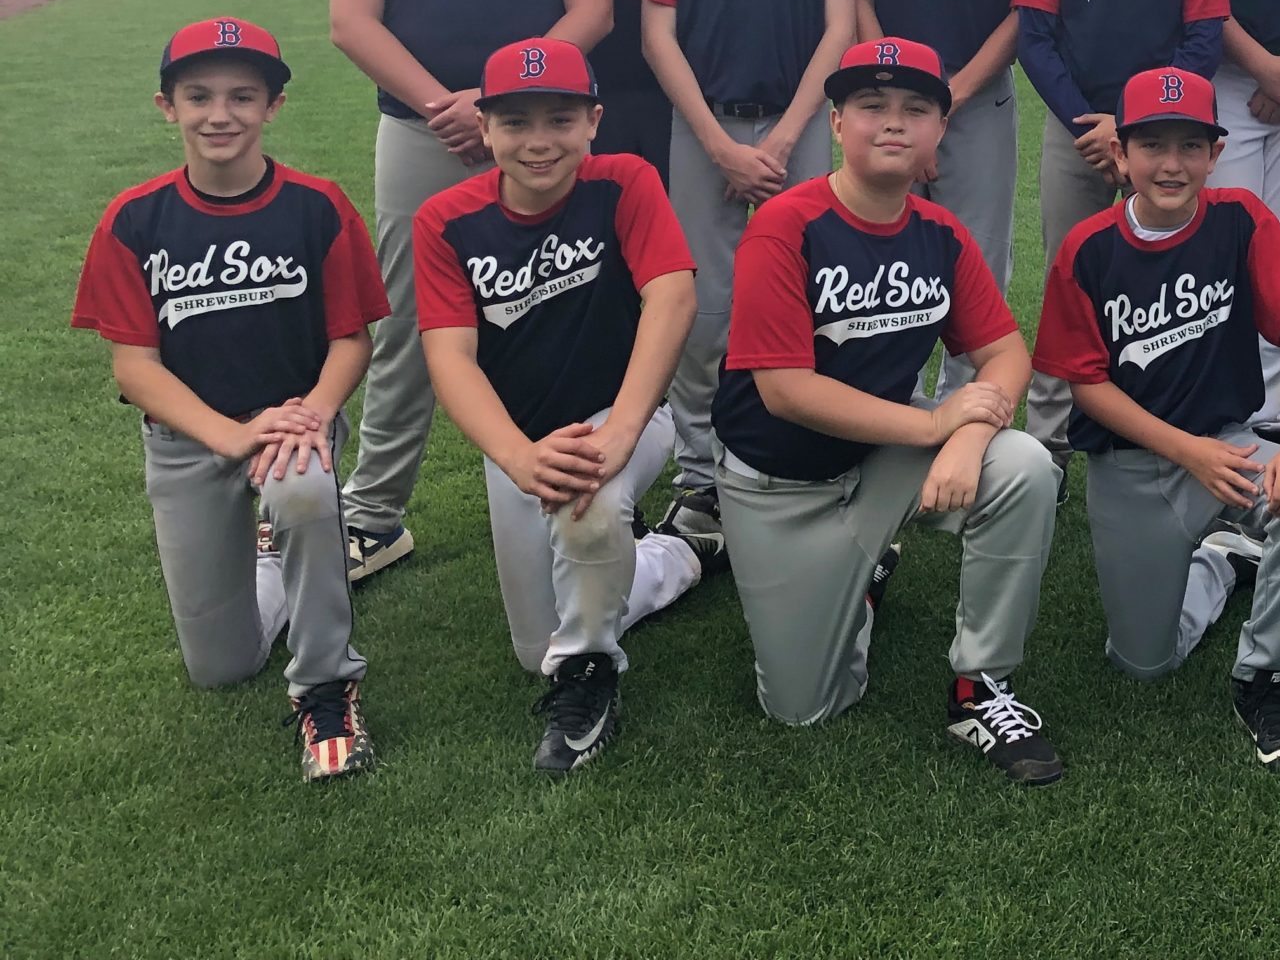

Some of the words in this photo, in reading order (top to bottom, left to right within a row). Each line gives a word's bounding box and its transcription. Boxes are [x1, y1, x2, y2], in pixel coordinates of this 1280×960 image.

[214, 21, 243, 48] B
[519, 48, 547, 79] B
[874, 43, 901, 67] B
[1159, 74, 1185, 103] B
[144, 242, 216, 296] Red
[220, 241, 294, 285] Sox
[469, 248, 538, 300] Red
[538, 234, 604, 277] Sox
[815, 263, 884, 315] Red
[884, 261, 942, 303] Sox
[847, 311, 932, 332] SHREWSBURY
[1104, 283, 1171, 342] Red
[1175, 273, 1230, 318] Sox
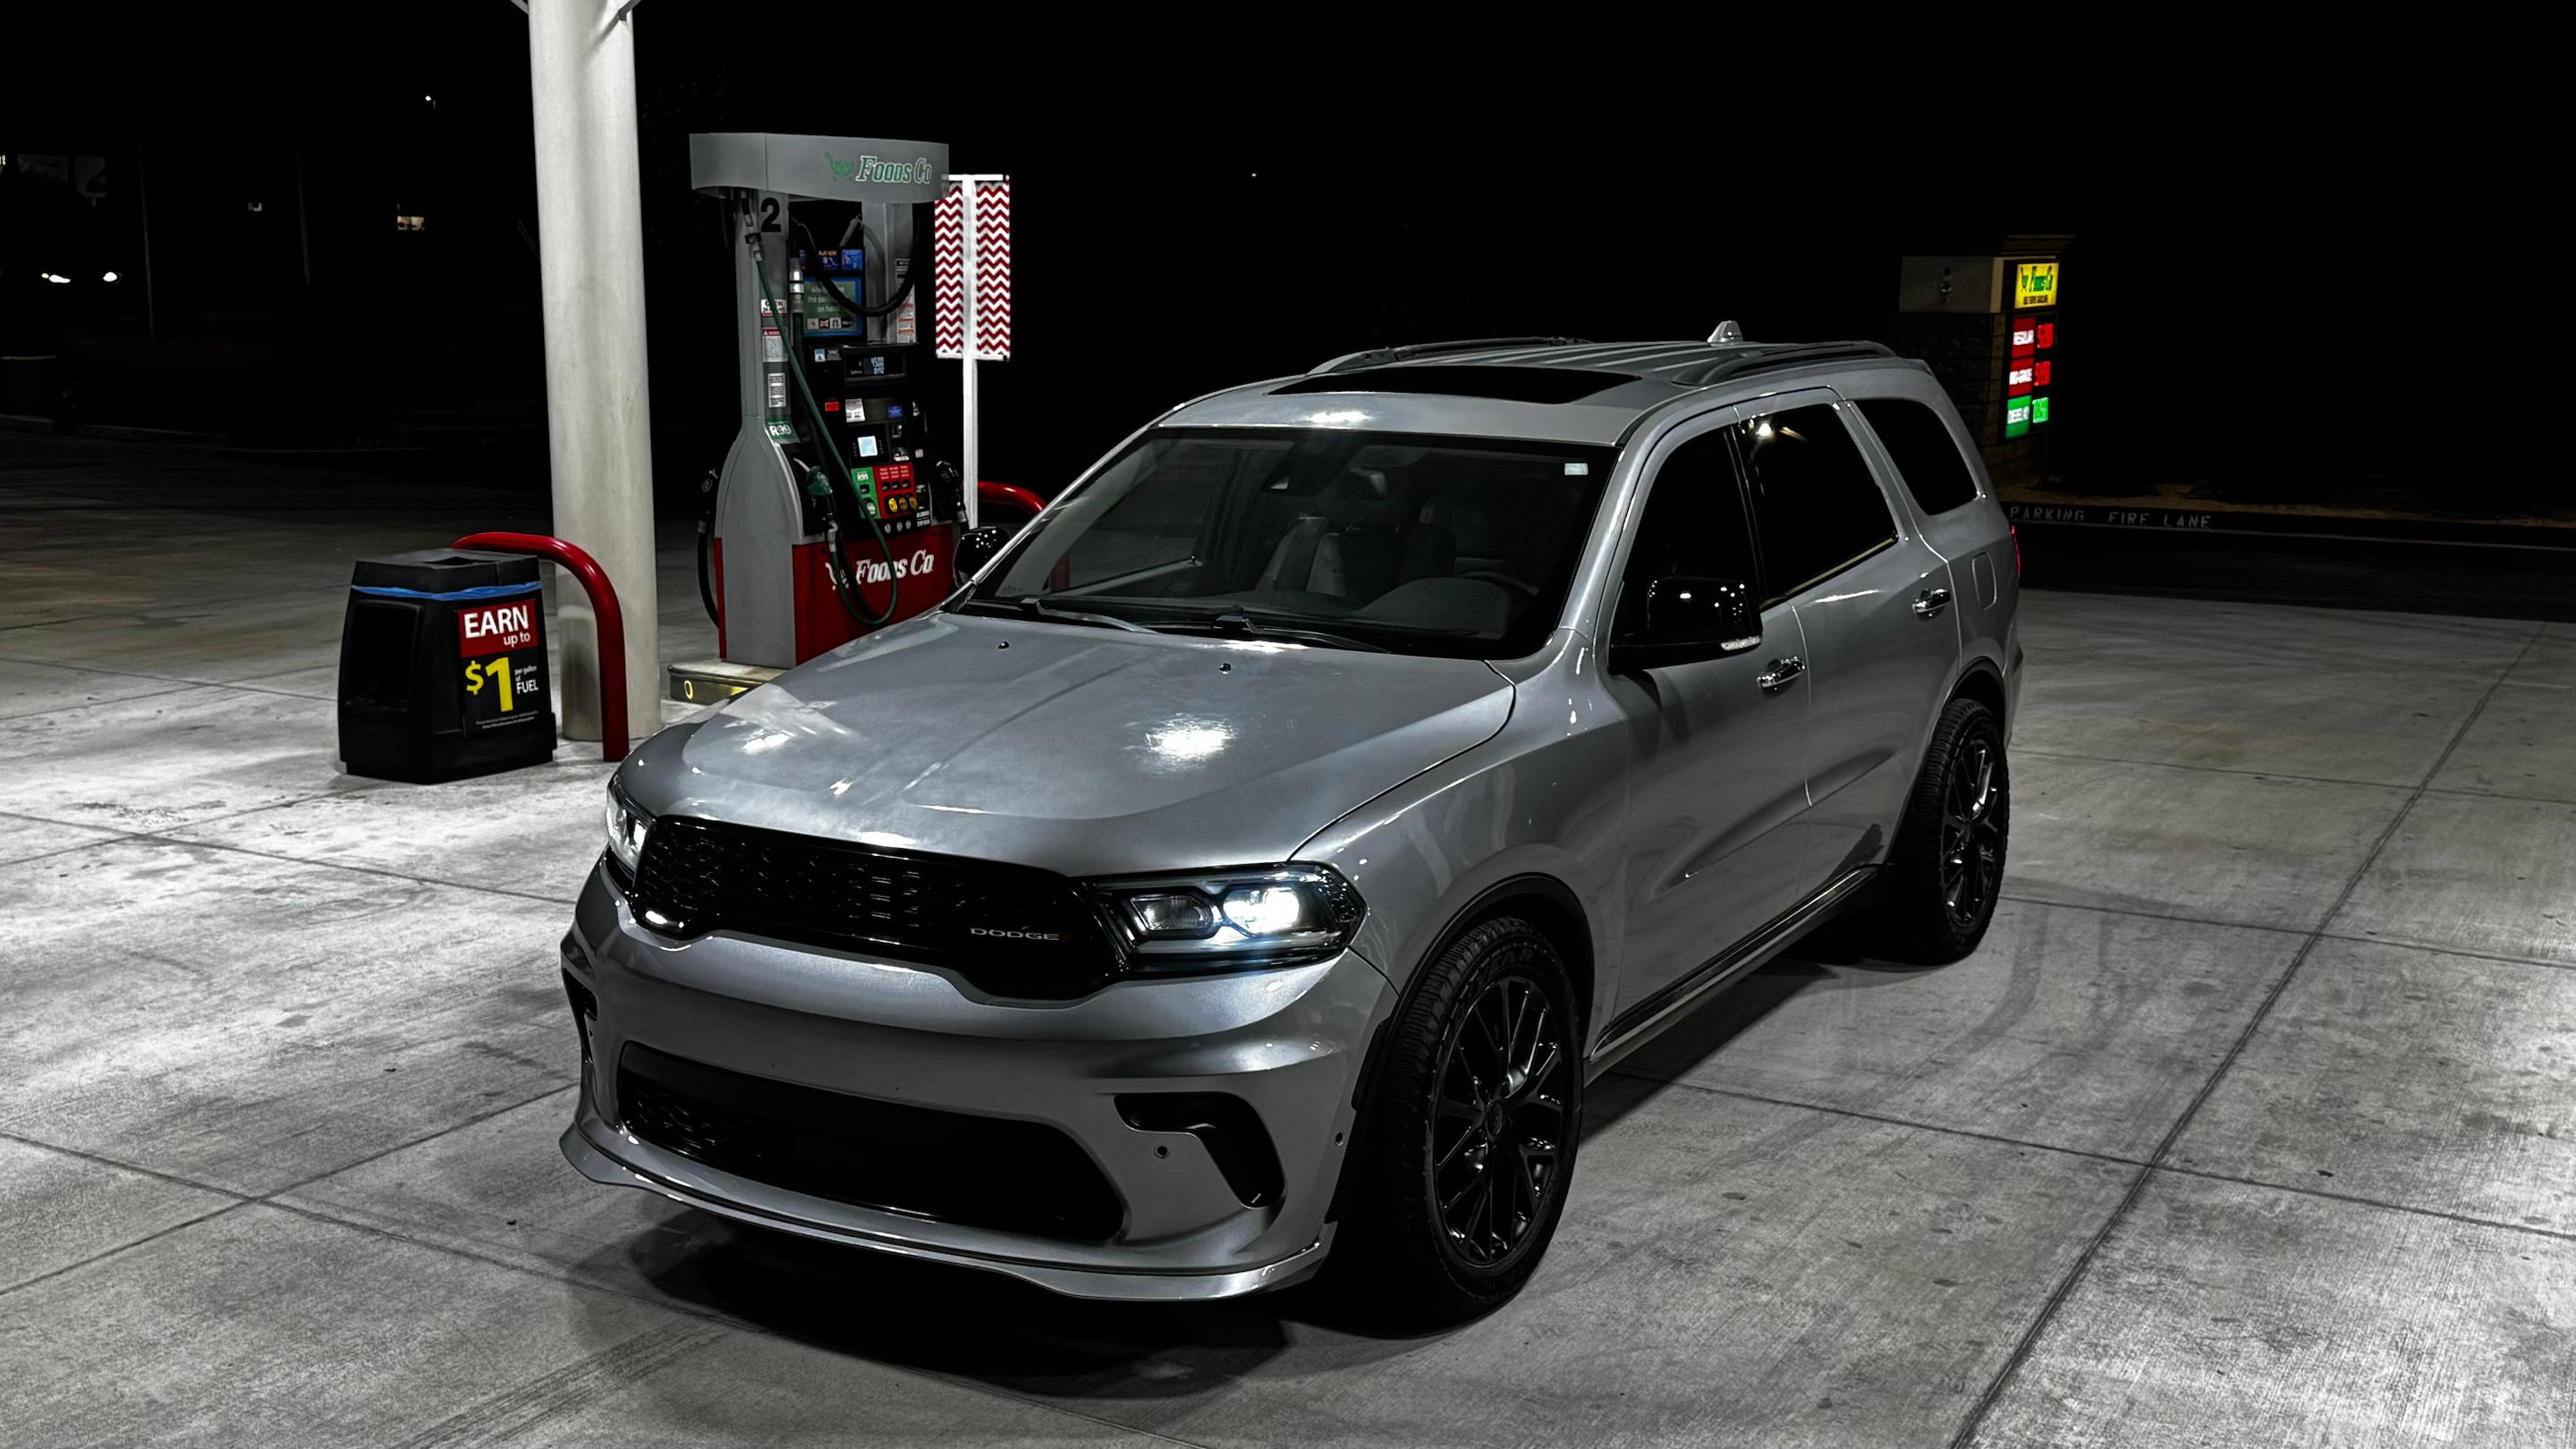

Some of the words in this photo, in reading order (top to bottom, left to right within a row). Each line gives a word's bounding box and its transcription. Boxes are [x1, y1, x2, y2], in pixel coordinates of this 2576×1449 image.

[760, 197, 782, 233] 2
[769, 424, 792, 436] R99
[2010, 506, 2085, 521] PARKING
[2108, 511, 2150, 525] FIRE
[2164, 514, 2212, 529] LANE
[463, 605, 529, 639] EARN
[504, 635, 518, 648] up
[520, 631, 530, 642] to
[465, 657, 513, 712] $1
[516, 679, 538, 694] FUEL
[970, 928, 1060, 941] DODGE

* TASK BRIEF: A faithful transcription of the material, with no pictures, is the expected result.

* ANSWER BOX:
Some of the words in this photo, in reading order (top to bottom, left to right within a row). Each line gives a word's bounding box and its transcription. Boxes are [x1, y1, x2, y2], in pixel coordinates of this 1280×960 image.

[214, 21, 243, 48] B
[519, 48, 547, 79] B
[874, 43, 901, 67] B
[1159, 74, 1185, 103] B
[144, 242, 216, 296] Red
[220, 241, 294, 285] Sox
[469, 248, 538, 300] Red
[538, 234, 604, 277] Sox
[815, 263, 884, 315] Red
[884, 261, 942, 303] Sox
[847, 311, 932, 332] SHREWSBURY
[1104, 283, 1171, 342] Red
[1175, 273, 1230, 318] Sox

Some of the words in this photo, in reading order (top to bottom, left to right within a row). Each line gives a word's bounding box and its transcription. Boxes are [x1, y1, x2, y2], in pixel coordinates of this 2576×1449 image.

[760, 197, 782, 233] 2
[769, 424, 792, 436] R99
[2010, 506, 2085, 521] PARKING
[2108, 511, 2150, 525] FIRE
[2164, 514, 2212, 529] LANE
[463, 605, 529, 639] EARN
[504, 635, 518, 648] up
[520, 631, 530, 642] to
[465, 657, 513, 712] $1
[516, 679, 538, 694] FUEL
[970, 928, 1060, 941] DODGE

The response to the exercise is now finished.